Referring expression grounding data

━━━━━━━━

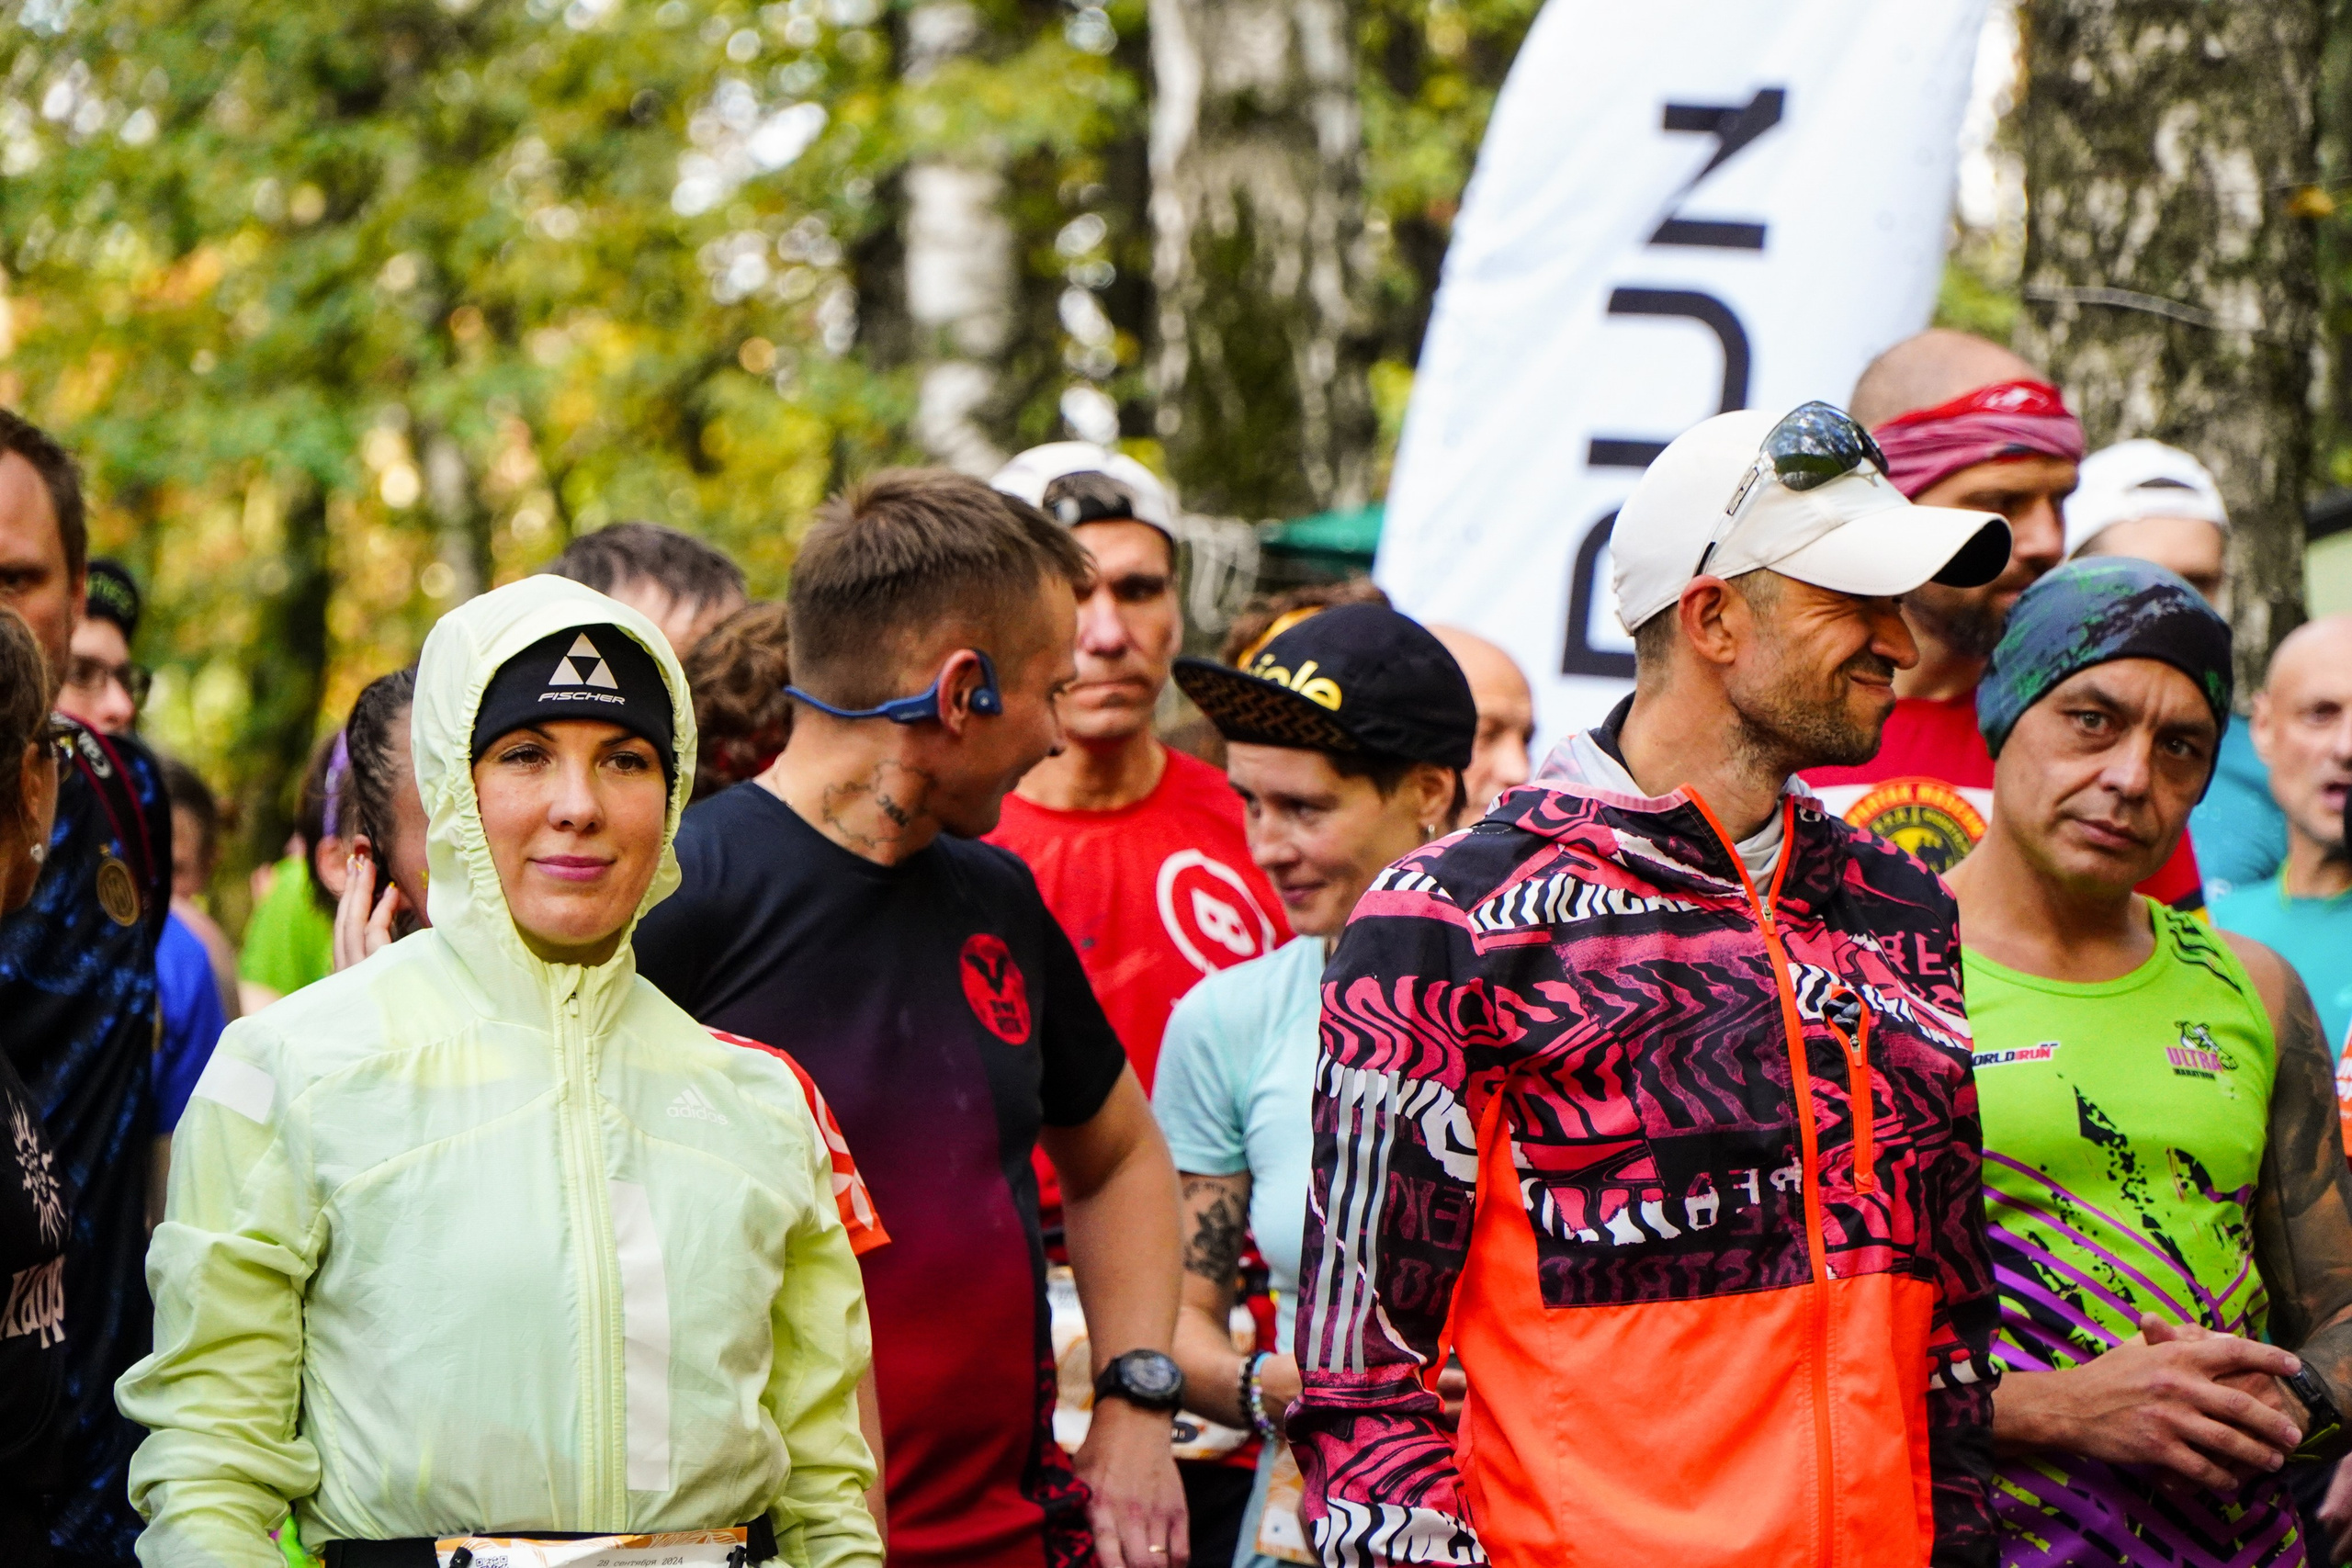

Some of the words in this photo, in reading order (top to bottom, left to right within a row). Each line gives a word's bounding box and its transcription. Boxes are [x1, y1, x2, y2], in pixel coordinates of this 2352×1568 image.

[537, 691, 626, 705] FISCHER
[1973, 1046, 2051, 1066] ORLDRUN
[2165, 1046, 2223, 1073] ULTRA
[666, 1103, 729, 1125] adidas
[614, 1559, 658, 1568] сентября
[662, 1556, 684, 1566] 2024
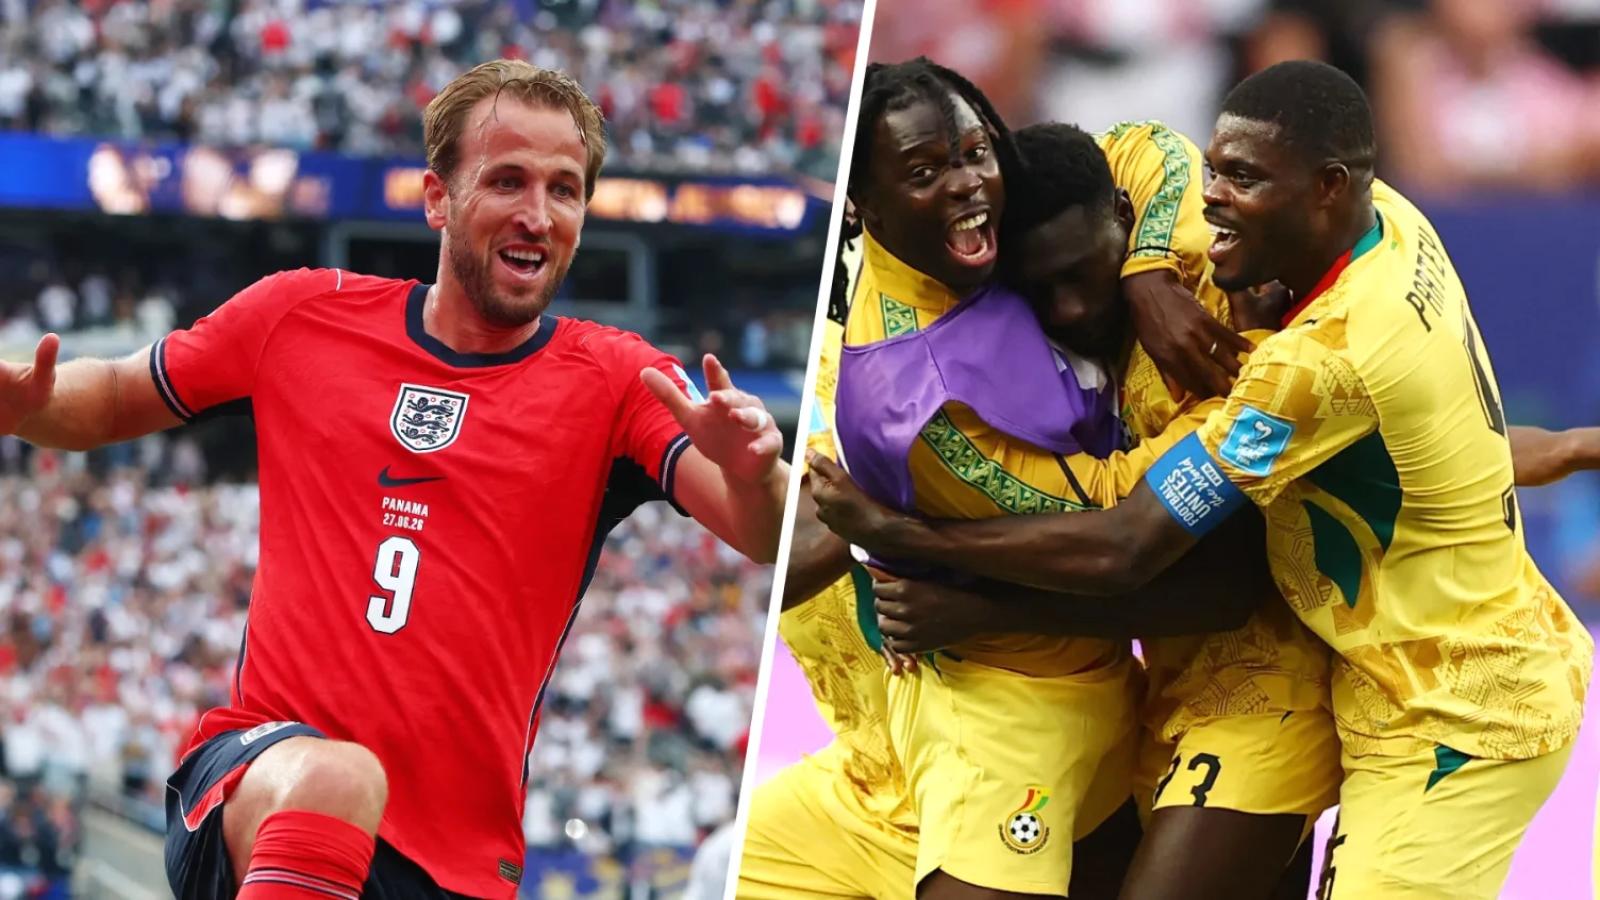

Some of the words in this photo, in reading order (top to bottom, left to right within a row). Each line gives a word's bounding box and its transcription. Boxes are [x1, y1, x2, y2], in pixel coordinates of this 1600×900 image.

━━━━━━━━

Every record above should reappear exactly, with the pictures gone.

- **RESPONSE**:
Some of the words in this photo, in reading order (top to bottom, left to right within a row). Each line gives a word's bounding box and its transcription. Boxes are [x1, y1, x2, y2], in pixel coordinates of this 2352×1568 image.

[537, 691, 626, 705] FISCHER
[1973, 1046, 2051, 1066] ORLDRUN
[2165, 1046, 2223, 1073] ULTRA
[666, 1103, 729, 1125] adidas
[614, 1559, 658, 1568] сентября
[662, 1556, 684, 1566] 2024

Some of the words in this photo, in reading order (top to bottom, left to right within a row). Each line gives a word's bounding box and its transcription. Boxes are [x1, y1, x2, y2], in pixel coordinates of this 1600×900 image.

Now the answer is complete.